Sobrevivió cuatro días con un cuchillo incrustado en la cara

Unos médicos han publicado una historia poco habitual, acompañada por las imágenes de unas radiografías de un hombre que llevaba casi cuatro días con un cuchillo clavado en la cara. En la radiografía, publicada en la revista Bristish Medical Journal, se puede ver las amplias dimensiones del cuchillo.

Los médicos aseguraron que el utensilio, clavado debajo de su ojo izquierdo y sin un mango, no se movió de la cara debido a que se había quedado atrapado en un hueso. El hombre fue trasladado al principio a una clínica en Germiston, al este de Johannesburgo, pero fue derivado a un centro al otro lado de la ciudad.

Una vez allí dijo a los doctores en el Hospital Académico Chris Hani Baragwanath que solo le dolía la cabeza y que le costaba mover su ojo izquierdo, puesto que le causaba un gran dolor. Los oftalmólogos del hospital le trataron las lesiones oculares.

Debido a la extensión de las lesiones del hombre, solicitaron la ayuda de especialistas en oído, nariz y garganta, cirujanos maxilofaciales y neurocirujanos.

El paciente tuvo que esperar 24 horas hasta que finalmente le dieron una cama en el hospital.
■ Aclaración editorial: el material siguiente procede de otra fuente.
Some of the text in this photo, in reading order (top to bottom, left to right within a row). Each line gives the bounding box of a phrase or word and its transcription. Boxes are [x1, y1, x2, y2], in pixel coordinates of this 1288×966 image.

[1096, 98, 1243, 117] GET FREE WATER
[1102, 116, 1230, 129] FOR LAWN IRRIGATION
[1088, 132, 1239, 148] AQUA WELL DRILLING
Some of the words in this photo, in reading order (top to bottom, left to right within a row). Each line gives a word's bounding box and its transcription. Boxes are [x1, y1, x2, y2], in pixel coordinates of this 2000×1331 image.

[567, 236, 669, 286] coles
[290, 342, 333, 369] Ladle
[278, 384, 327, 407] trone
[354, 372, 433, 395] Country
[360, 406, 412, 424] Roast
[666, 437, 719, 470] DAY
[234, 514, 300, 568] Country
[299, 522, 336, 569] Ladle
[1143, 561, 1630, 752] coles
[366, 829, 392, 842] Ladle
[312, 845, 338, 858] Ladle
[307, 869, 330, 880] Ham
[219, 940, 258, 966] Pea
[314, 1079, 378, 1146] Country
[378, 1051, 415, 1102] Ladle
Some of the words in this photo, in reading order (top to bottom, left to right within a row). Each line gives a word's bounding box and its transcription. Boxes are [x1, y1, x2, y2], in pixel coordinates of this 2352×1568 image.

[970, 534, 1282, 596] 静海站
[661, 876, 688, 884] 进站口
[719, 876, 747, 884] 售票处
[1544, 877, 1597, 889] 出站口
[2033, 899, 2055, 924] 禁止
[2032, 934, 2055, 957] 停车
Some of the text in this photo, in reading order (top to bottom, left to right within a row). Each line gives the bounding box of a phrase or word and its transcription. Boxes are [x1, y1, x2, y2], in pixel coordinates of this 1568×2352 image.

Pasaron otros dos días antes de que el paciente pudiera realizarse una angiografía, un tipo de radiografía que se usa para controlar los vasos sanguíneos, y esta mostraba que no había sufrido “compromiso neurovascular”, lo que significaba que no había estallido de la lesión ningún vaso sanguíneo importante en el cráneo.

Al día siguiente le programaron para una cirugía, donde los médicos le administraron anestesia y le quitaron toda la cuchilla. No se rompieron los vasos sanguíneos del cráneo durante el procedimiento, en el que los cirujanos cosieron su ojo para sacar el arma.

El hombre, quién admitía que se sentía afortunado de estar vivo, fue dado de alta dos días después de la operación y se le pidió que regresara para un seguimiento un mes después. También contó su historia y reveló que la lesión ocurrió cuando estaba “tratando de ayudar a un amigo”.

Se desconocen más detalles. Al contar su propia historia, dijo: “Imagínense si fuera una bala que me atravesó el cráneo, habría muerto ese mismo día”. Agregó que no se dio cuenta de que había sido apuñalado hasta que los médicos del primer hospital que visitó realizaron una radiografía.

Las lesiones con cuchillo penetrante son comunes entre los jóvenes negros en Sudáfrica.

Agregaron que “la eliminación de cuerpos extraños debe hacerse lo más pronto posible para evitar complicaciones secundarias como el sangrado y la infección”.